Saved entries
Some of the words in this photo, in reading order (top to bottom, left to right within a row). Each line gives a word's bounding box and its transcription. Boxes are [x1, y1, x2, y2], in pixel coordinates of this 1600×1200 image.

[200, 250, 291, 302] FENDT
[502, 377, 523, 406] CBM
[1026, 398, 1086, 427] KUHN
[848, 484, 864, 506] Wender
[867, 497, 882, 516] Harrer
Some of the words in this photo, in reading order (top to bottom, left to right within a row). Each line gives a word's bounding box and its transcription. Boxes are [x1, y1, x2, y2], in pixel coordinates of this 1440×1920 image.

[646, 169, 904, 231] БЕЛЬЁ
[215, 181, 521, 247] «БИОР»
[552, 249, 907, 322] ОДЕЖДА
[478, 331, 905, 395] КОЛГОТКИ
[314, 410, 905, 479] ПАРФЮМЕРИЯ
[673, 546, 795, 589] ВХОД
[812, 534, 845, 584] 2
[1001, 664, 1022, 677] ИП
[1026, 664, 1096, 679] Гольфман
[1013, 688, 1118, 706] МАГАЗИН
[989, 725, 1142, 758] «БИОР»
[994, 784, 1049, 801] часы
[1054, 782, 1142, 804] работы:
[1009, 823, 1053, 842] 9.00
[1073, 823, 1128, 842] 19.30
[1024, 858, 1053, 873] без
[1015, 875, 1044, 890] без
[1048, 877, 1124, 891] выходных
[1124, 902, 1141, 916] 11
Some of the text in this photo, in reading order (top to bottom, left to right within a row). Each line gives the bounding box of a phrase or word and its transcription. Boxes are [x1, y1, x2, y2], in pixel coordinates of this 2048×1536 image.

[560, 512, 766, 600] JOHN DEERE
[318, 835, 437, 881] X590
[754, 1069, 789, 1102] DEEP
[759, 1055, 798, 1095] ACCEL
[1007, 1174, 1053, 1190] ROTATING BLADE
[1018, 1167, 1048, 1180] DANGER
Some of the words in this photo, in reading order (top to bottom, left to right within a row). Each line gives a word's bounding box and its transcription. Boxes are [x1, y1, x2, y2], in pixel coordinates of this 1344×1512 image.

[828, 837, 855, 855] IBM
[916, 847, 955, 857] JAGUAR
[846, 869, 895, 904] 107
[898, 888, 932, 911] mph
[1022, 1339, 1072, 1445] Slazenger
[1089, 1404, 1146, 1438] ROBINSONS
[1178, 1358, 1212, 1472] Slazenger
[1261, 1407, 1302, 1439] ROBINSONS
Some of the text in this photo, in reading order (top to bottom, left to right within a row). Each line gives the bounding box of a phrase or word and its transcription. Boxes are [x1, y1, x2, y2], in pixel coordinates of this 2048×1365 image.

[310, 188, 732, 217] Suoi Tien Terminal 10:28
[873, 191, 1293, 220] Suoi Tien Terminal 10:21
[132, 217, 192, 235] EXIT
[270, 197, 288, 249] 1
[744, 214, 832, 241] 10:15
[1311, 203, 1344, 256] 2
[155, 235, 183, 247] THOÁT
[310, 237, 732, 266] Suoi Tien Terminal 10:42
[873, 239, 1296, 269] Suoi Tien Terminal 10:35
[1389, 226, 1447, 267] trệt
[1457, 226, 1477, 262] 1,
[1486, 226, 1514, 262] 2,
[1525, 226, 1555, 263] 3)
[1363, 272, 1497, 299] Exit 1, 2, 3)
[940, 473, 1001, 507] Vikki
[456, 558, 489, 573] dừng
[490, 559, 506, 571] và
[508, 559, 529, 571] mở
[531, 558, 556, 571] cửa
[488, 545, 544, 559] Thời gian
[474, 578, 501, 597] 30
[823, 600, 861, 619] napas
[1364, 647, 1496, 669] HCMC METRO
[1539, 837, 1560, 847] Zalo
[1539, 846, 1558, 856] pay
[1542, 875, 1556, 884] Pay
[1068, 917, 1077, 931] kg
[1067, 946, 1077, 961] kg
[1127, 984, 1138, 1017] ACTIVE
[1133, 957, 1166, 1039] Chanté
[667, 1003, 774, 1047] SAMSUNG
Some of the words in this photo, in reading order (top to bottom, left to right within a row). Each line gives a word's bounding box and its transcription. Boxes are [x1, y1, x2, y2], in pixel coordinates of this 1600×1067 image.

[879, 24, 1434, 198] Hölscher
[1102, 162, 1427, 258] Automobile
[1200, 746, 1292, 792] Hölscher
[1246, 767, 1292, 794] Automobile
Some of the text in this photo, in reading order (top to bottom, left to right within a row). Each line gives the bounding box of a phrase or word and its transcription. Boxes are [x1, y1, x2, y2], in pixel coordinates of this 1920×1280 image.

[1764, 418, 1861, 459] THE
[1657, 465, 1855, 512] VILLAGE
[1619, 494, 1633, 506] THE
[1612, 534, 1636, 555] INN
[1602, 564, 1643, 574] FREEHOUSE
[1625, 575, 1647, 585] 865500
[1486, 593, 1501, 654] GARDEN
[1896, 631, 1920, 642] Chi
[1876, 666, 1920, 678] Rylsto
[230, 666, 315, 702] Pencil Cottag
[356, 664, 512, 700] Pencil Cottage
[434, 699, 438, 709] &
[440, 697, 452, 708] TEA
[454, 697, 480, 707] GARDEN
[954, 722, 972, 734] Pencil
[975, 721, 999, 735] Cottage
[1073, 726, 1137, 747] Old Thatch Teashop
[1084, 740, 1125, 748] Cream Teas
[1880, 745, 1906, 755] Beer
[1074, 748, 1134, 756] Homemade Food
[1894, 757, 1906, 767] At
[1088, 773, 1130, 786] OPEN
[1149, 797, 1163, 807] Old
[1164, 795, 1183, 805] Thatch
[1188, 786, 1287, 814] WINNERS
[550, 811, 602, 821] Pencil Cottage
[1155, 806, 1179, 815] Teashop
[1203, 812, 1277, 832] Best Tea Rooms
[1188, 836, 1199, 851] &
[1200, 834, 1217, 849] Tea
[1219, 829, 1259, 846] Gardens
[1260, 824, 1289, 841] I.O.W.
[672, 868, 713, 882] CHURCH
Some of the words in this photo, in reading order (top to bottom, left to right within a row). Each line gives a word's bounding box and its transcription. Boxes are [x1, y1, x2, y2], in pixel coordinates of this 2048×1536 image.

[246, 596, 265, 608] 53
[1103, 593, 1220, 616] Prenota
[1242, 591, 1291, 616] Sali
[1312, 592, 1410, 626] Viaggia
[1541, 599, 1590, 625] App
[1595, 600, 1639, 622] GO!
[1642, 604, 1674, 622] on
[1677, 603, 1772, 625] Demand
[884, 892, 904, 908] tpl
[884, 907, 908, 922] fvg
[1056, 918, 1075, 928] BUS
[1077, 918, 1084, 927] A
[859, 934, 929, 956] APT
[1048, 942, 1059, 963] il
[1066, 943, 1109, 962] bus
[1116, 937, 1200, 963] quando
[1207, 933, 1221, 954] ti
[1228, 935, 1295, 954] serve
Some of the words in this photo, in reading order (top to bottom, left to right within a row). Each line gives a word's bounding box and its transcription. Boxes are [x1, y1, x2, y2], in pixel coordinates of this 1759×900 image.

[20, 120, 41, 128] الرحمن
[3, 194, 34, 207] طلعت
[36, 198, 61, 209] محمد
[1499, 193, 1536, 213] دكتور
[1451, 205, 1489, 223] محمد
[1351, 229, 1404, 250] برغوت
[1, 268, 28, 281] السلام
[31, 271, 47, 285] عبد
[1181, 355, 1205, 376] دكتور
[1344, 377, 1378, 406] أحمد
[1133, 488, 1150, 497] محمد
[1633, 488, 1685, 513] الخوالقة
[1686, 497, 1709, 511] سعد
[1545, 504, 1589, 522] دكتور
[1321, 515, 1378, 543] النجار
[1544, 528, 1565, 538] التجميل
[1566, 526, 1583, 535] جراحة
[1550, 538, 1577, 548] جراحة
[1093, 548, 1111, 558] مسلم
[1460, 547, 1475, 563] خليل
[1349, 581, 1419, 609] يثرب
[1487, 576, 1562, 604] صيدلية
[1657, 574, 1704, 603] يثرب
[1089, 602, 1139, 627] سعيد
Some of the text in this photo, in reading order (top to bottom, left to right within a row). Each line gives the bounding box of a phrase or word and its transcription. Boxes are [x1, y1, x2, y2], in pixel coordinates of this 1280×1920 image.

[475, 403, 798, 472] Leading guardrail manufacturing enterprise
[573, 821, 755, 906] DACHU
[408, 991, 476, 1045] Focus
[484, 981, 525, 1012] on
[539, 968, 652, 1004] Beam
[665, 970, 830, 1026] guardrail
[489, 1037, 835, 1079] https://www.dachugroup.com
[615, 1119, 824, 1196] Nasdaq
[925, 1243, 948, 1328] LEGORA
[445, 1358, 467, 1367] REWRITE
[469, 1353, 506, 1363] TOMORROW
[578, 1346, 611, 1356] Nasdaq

Problem
Write out again only the lines from the one with "this 1280×1920 image." through the last line of the records above. Keep every word as it stands.

Result of this exercise
Some of the text in this photo, in reading order (top to bottom, left to right within a row). Each line gives the bounding box of a phrase or word and its transcription. Boxes are [x1, y1, x2, y2], in pixel coordinates of this 1280×1920 image.

[475, 403, 798, 472] Leading guardrail manufacturing enterprise
[573, 821, 755, 906] DACHU
[408, 991, 476, 1045] Focus
[484, 981, 525, 1012] on
[539, 968, 652, 1004] Beam
[665, 970, 830, 1026] guardrail
[489, 1037, 835, 1079] https://www.dachugroup.com
[615, 1119, 824, 1196] Nasdaq
[925, 1243, 948, 1328] LEGORA
[445, 1358, 467, 1367] REWRITE
[469, 1353, 506, 1363] TOMORROW
[578, 1346, 611, 1356] Nasdaq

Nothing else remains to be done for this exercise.